In what follows, $U$ is a complex vector space. I have the following abstract definition.
Definition: Let $\wedge^{n}: \overbrace{U \times \cdots \times U}^{\text{$n$ times}} \to V$ be an alternating $p$-linear map. We say that $\wedge^{p}$ satisfies the universal property if given another alternating $p$-linear map $f: U \times \cdots \times U \to W$, then there exists a unique map $h: V \to W$ such that $f = h\circ \wedge^{n}$.
Now, suppose $U$ is finite dimensional. Consider $V = \text{Alt}^{n}(U)$ the space of alternating tensors and let: $$\wedge^{n}(v_{1},...,v_{n}):= \frac{1}{n!}\sum_{\sigma \in S_{n}}\text{sign}(\sigma)v_{\sigma(1)}\otimes \cdots \otimes v_{\sigma(n)}$$
This map is clearly alternating an $p$-linear. My question is: does it also satisfy the universal property? I couldn't prove it myself.

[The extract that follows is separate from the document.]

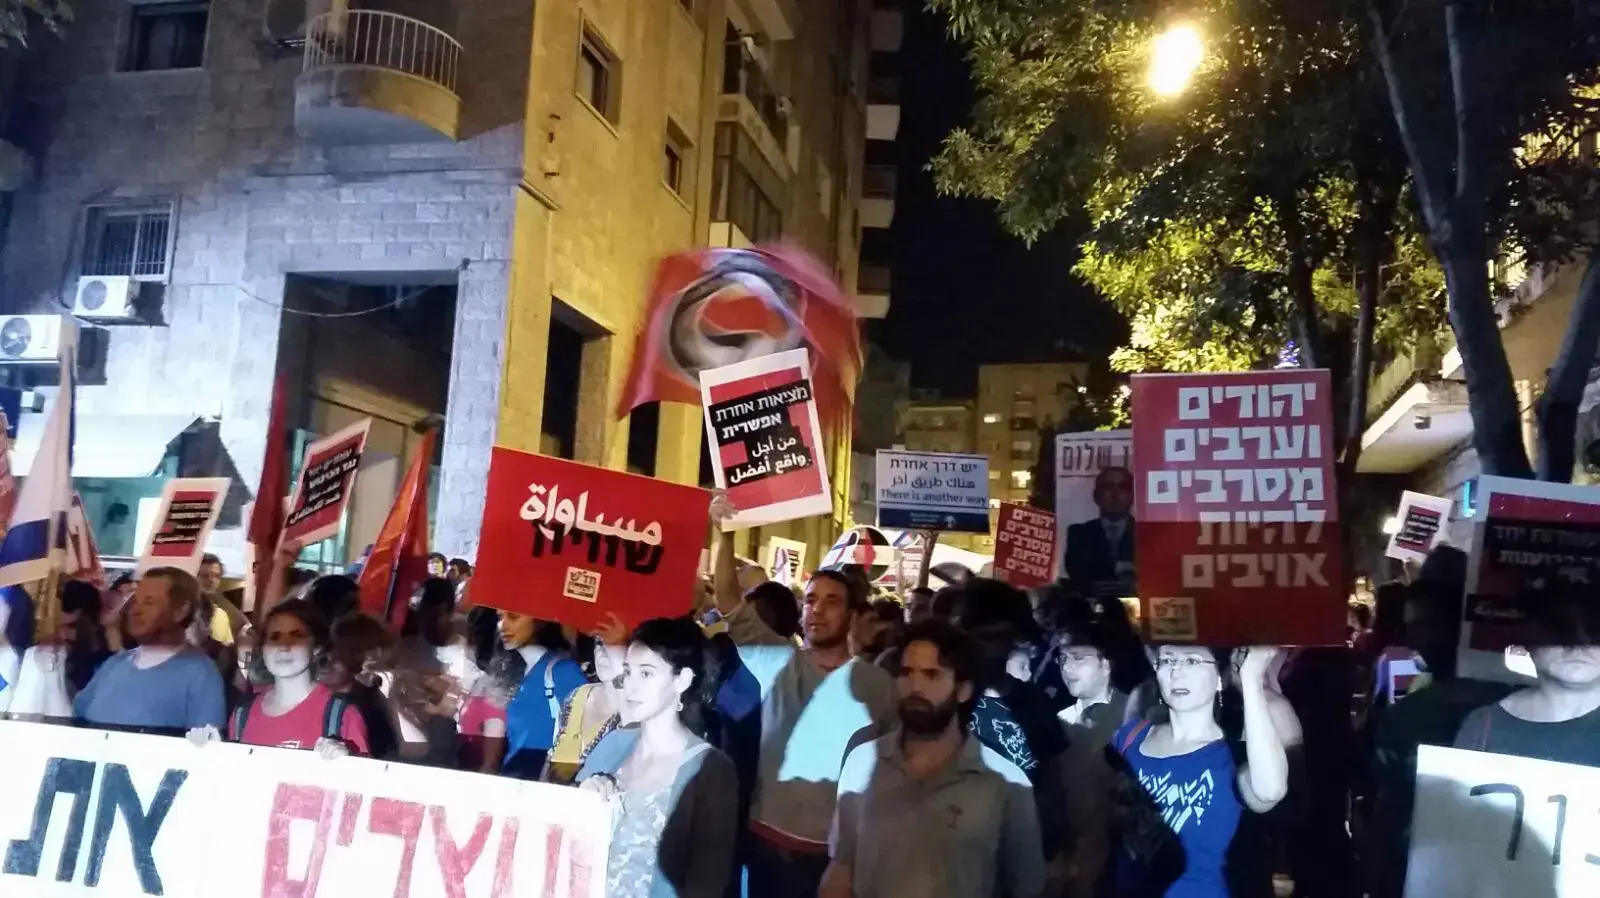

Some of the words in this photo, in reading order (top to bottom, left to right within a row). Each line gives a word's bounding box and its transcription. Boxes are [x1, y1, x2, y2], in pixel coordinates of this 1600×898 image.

$ \newcommand\Tensor{\mathop{\textstyle\bigotimes}} \newcommand\TensPow[1]{\mathop{\textstyle\bigotimes^{#1}}} \newcommand\Alt{\mathop{\mathrm{Alt}}\nolimits} \newcommand\alt{\mathop{\mathrm{alt}}} $ Let $\TensPow nU$ denote the $n^{\text{th}}$ tensor power of $U$. Define $$ \alt : \TensPow nU \to \Alt^n(U),\quad \alt(u_1\otimes\dotsb\otimes u_n) = \frac1{n!}\sum_{\sigma\in S_n}\mathrm{sgn}(\sigma)u_{\sigma(1)}\otimes\dotsb\otimes u_{\sigma(n)} $$ using the universal property of $\TensPow nU$. Also define $$ i : U^n \to \TensPow nU,\quad i(u_1,\dotsc,u_n) = u_1\otimes\dotsb\otimes u_n $$ so that ${\wedge^n} : U^n \to \Alt^n(U)$ is ${\wedge^n} = {\alt}\circ i$. Again by the universal property of the tensor power $\TensPow nU$, any alternating multilinear $f : U^n \to W$ extends uniquely to $f' : \TensPow nU \to W$ such that $f = f'\circ i$. Restrict $f'$ to $\Alt^n(U)$ to get a map $\Alt^n(U) \to W$. Because $f$ is alternating we find that $f' = f'\circ{\alt}$; hence $$ f = f'\circ i = f'\circ{\alt}\circ i = f'\circ{\wedge^n}. $$
We now wish to show that $f'$ is unique. To that end, suppose we have $f = h\circ{\wedge^n} = h\circ{\alt}\circ i$ for some $h$. By the universal property of $\TensPow nU$ it must be that $$ h\circ{\alt} = f' = f'\circ{\alt}. $$ But then $h = f'$ since $\alt$ is surjective.